● Exercise objective: In the records below, find the line that contains "this 1250×1250 image.", then transcribe it and every later line exactly, stopping at the final line.

Phrase grounding data
——

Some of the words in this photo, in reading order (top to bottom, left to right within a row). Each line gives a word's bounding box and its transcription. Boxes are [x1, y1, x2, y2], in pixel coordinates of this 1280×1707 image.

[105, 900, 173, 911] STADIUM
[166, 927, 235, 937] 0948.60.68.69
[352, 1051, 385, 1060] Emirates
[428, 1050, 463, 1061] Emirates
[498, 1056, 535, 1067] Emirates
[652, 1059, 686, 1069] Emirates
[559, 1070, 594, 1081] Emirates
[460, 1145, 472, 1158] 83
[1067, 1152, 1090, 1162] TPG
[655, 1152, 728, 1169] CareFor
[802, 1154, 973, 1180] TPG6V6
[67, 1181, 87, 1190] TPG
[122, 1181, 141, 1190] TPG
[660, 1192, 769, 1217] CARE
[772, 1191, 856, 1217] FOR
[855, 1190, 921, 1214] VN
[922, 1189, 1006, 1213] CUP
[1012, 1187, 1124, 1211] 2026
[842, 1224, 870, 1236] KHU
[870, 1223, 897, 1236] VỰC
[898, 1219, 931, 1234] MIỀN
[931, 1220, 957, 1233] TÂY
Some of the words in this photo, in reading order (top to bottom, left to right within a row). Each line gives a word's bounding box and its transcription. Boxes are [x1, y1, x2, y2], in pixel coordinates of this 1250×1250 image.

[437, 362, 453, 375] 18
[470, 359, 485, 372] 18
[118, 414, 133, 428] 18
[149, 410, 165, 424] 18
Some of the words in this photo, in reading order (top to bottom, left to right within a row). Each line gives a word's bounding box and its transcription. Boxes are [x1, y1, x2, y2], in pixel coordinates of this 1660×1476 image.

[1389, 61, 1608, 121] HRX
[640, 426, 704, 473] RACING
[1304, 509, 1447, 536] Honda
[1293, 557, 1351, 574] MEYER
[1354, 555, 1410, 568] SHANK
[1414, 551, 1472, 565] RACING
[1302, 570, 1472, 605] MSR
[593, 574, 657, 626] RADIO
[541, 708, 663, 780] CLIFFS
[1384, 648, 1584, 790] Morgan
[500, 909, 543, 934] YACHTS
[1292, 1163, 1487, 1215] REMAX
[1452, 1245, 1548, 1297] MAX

——

● Result:
Some of the words in this photo, in reading order (top to bottom, left to right within a row). Each line gives a word's bounding box and its transcription. Boxes are [x1, y1, x2, y2], in pixel coordinates of this 1250×1250 image.

[437, 362, 453, 375] 18
[470, 359, 485, 372] 18
[118, 414, 133, 428] 18
[149, 410, 165, 424] 18
Some of the words in this photo, in reading order (top to bottom, left to right within a row). Each line gives a word's bounding box and its transcription. Boxes are [x1, y1, x2, y2], in pixel coordinates of this 1660×1476 image.

[1389, 61, 1608, 121] HRX
[640, 426, 704, 473] RACING
[1304, 509, 1447, 536] Honda
[1293, 557, 1351, 574] MEYER
[1354, 555, 1410, 568] SHANK
[1414, 551, 1472, 565] RACING
[1302, 570, 1472, 605] MSR
[593, 574, 657, 626] RADIO
[541, 708, 663, 780] CLIFFS
[1384, 648, 1584, 790] Morgan
[500, 909, 543, 934] YACHTS
[1292, 1163, 1487, 1215] REMAX
[1452, 1245, 1548, 1297] MAX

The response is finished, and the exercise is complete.